Yes, the result was a higher proportion of FM docs with FM at 40% of the physician workforce in all but the 6 physician concentrated counties (25% is the national average for FM for these counties). But the concentrations could not change. The payment designs kept a lid on what could be supported. The names changed during my 15 years of visits across the state and on my maps of Nebraska counties and workforce, but the numbers of FM, NP, and PA did not change. And the populations have aged and increased in demand.

Why the lack of change despite targeted programs?

The great majority of counties in Nebraska where care is needed are counties that have concentrations of patients whose insurance plans support local primary care least. Veteran and Native American plans do not help local primary care. High deductible plans tend to discourage primary care visits. Medicaid and Medicare pay too little to support the concentrations of team members needed.

Millions and Billions for Everything Else Other than Team Members

AAFP, consultants, experts, foundations, and government can spend millions on meetings and grants and demonstrations and student interest and new FM associations and new marketing efforts (primary care medical home, Health is Primary) for no gain. CMS can commit more billions to innovative CMS payments. This is also a rearrangement of the deck chairs with no additional funding specific to more personnel to deliver care in more places.

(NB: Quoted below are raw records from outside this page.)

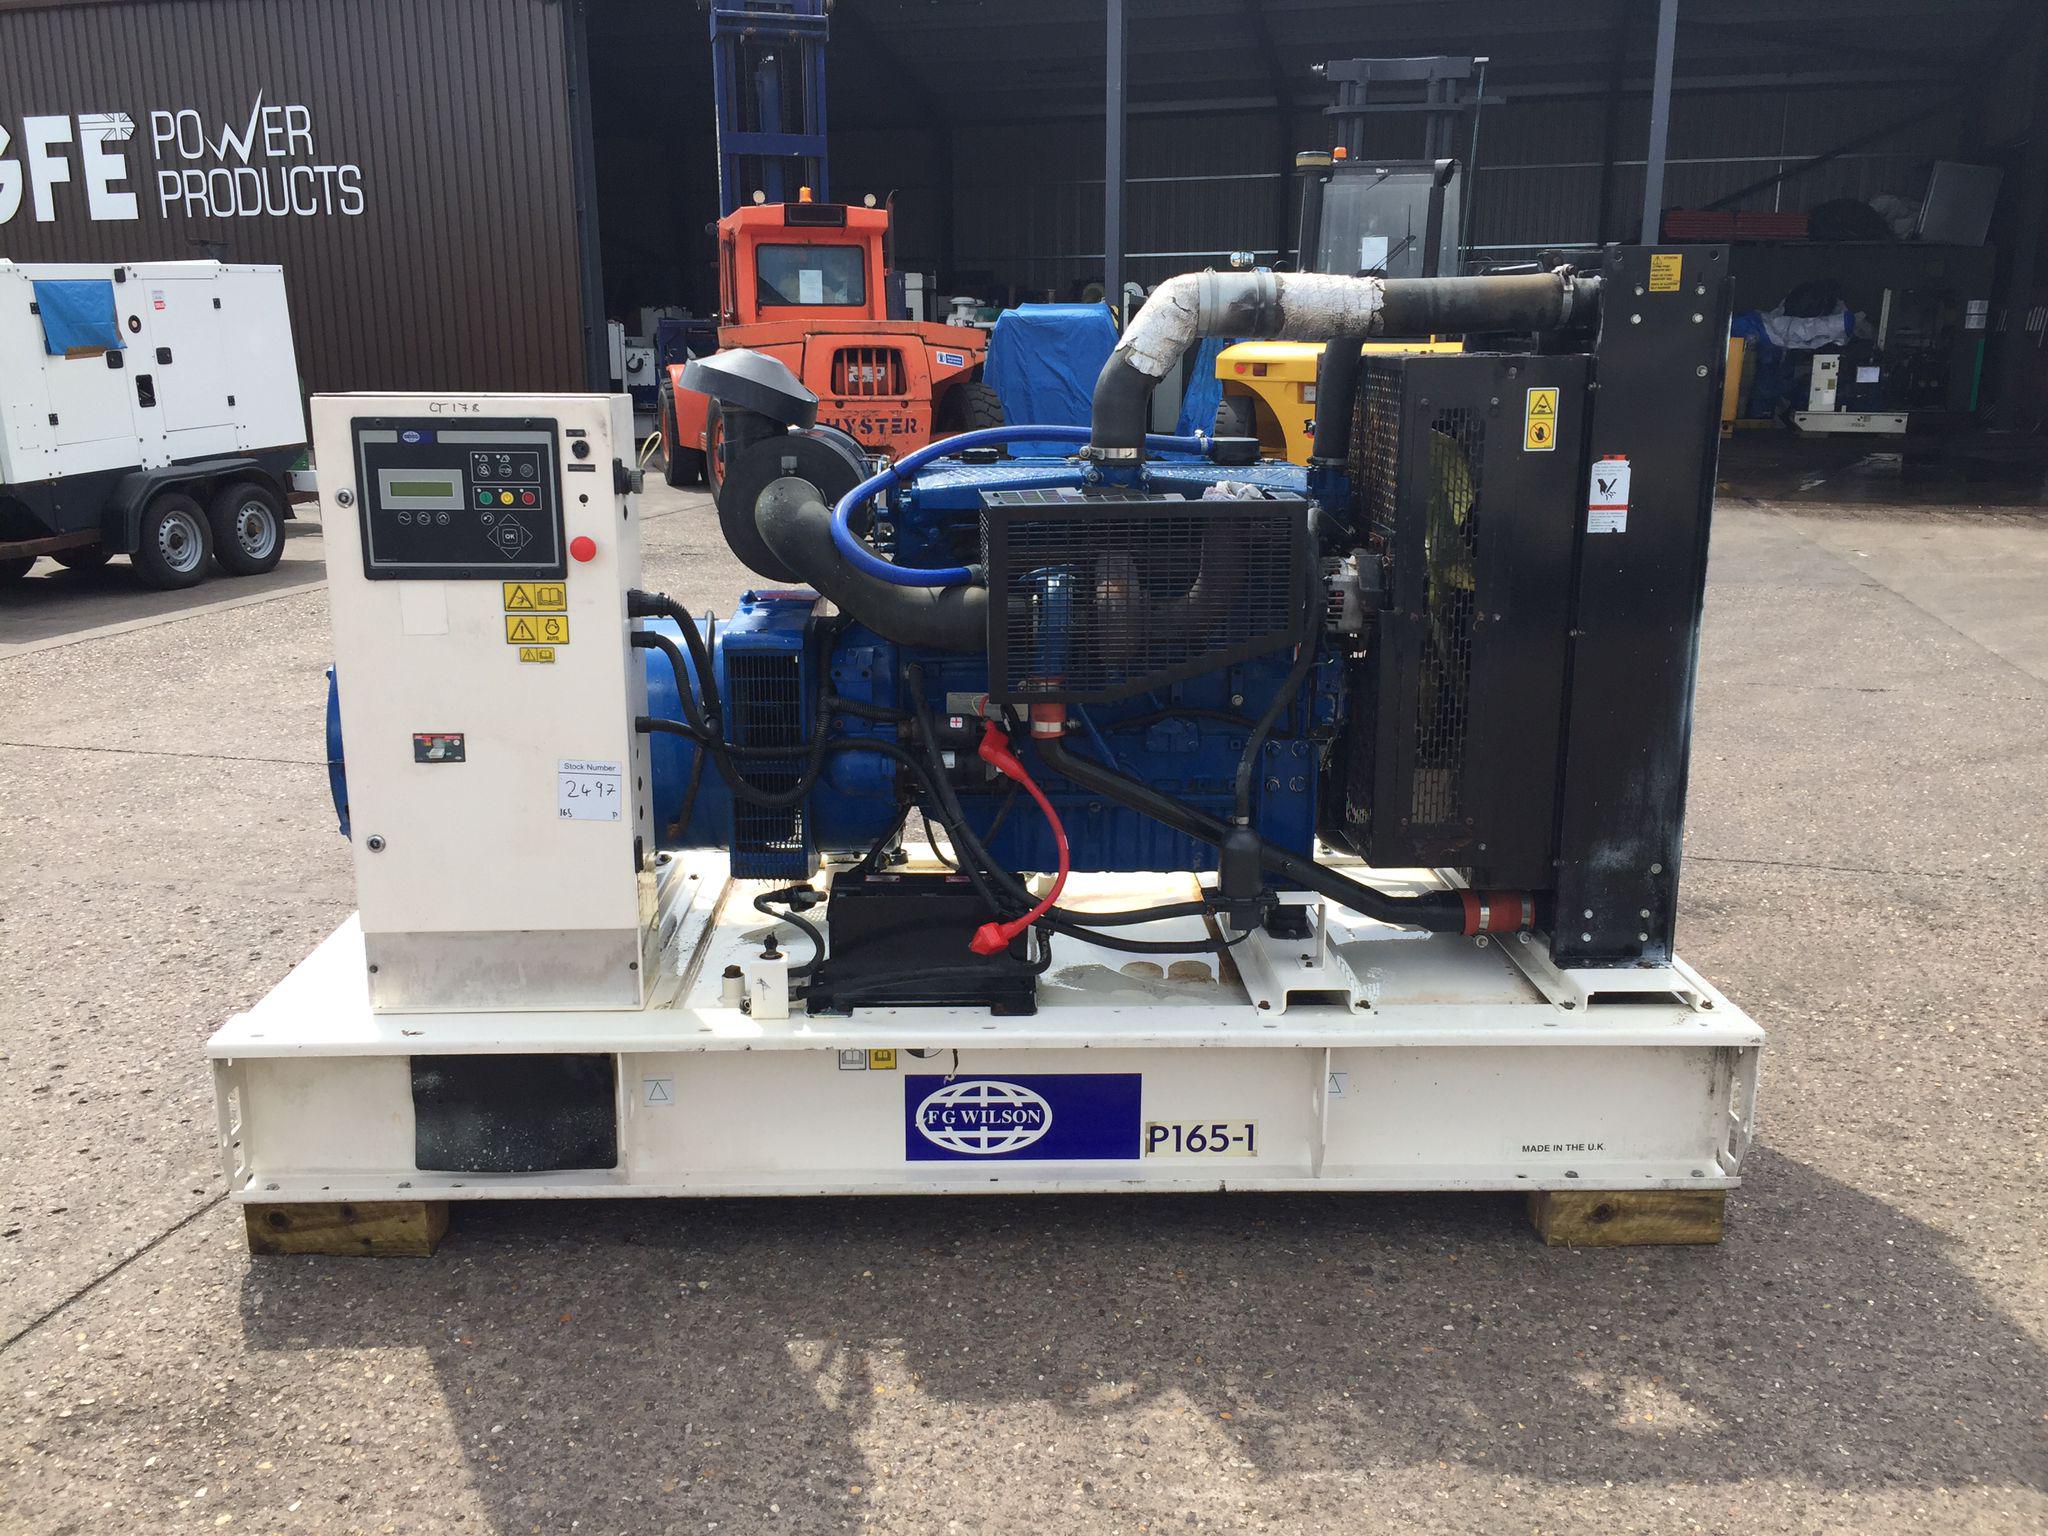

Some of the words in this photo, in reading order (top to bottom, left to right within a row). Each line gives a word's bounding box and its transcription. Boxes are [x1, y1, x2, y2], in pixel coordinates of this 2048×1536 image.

[151, 88, 314, 166] POWER
[158, 165, 365, 219] PRODUCTS
[586, 763, 616, 772] Number
[565, 780, 616, 798] 2497
[960, 1109, 1041, 1124] WILSON
[1149, 1123, 1254, 1153] P165-1
[1553, 1144, 1563, 1152] IN

In fact, there is often a decline in the funding specific to delivery personnel as new designs send dollars everywhere else (software, hardware, consultants, regulations, technology...).

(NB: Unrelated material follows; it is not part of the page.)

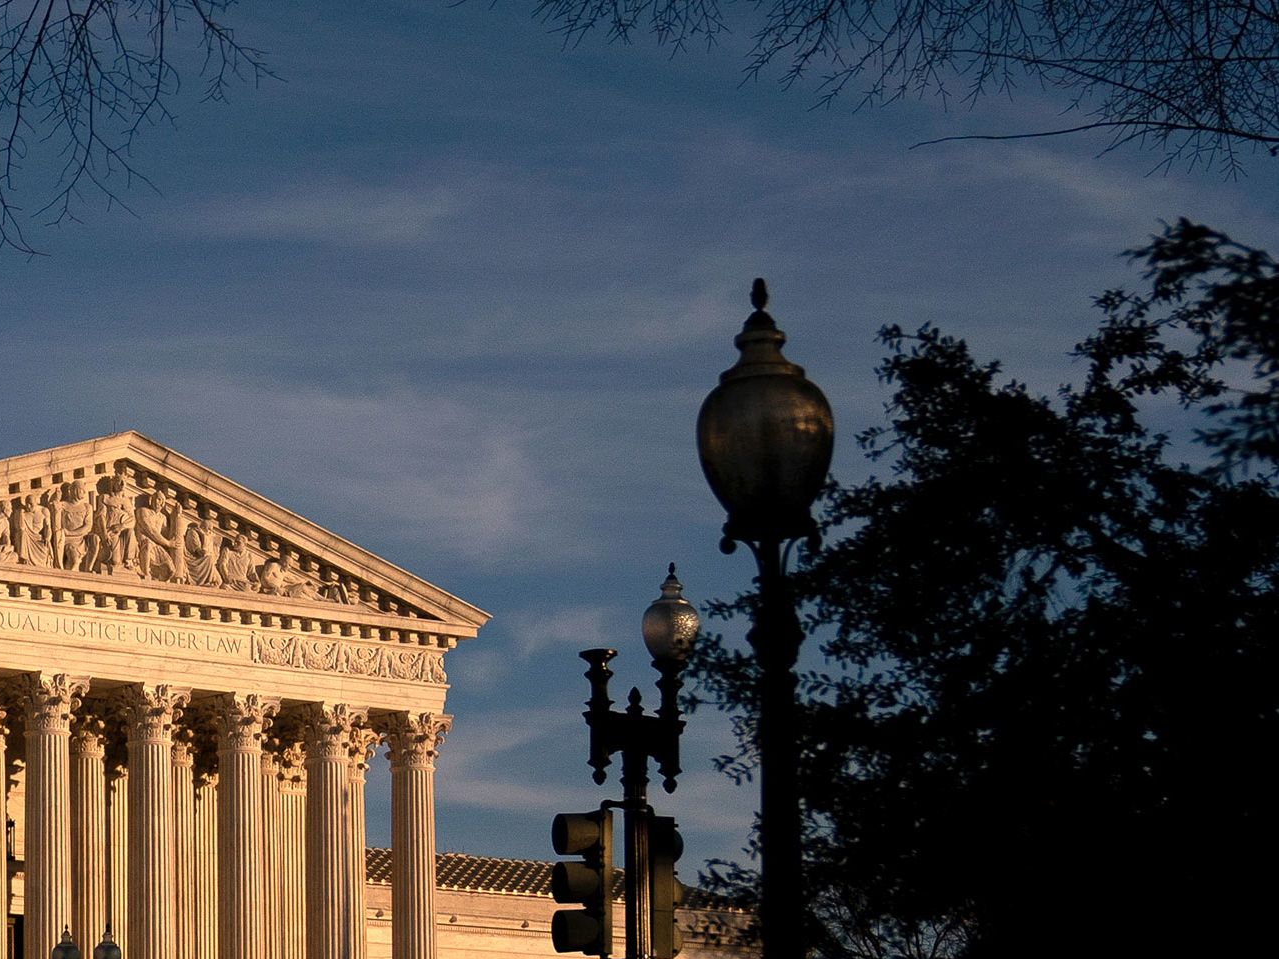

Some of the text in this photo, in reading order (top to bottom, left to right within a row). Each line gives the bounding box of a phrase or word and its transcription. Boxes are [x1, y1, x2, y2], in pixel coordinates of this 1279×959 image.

[51, 617, 126, 642] JUSTICE
[136, 627, 199, 650] UNDER
[206, 635, 242, 654] LAW

As long as we can be creative and not constructive, we aid in the failure to address primary care delivery capacity, mental health deliver capacity, geriatric care deficits, rural health delivery capacity, and care where needed in more counties and more settings across the nation. And we can be very creative. 

All we have shown is creativity. Our patients and front line serving professionals deserve more and require more. The battle is not just a few places. We have 40% of the nation living in 2161 counties with lower to lowest concentrations of physicians - because payment design pays too little for local basic care via Medicare, Medicaid, veterans, and high deductible plans. Payment design denies them the family medicine (25% and falling), other primary care (20% and falling), general surgical workforce (20% and falling fast) that is 65% of the workforce needed. Training is incapable of producing the specialties needed for the places of need. And the population is increasing faster in these places and is increasing most rapidly in demand...... 

Note to the Workforce Experts

The next time you trumpet some new innovation, at least think about what you are doing to promote an ineffective alternative treatment while delaying treatment that matters, that supports more of us, that will result in more annual FM graduates for the first time since 1980, that supports more team members to work with us, that can reverse burnout, and that can restore the joy of caring for people that really need care where and when they need care.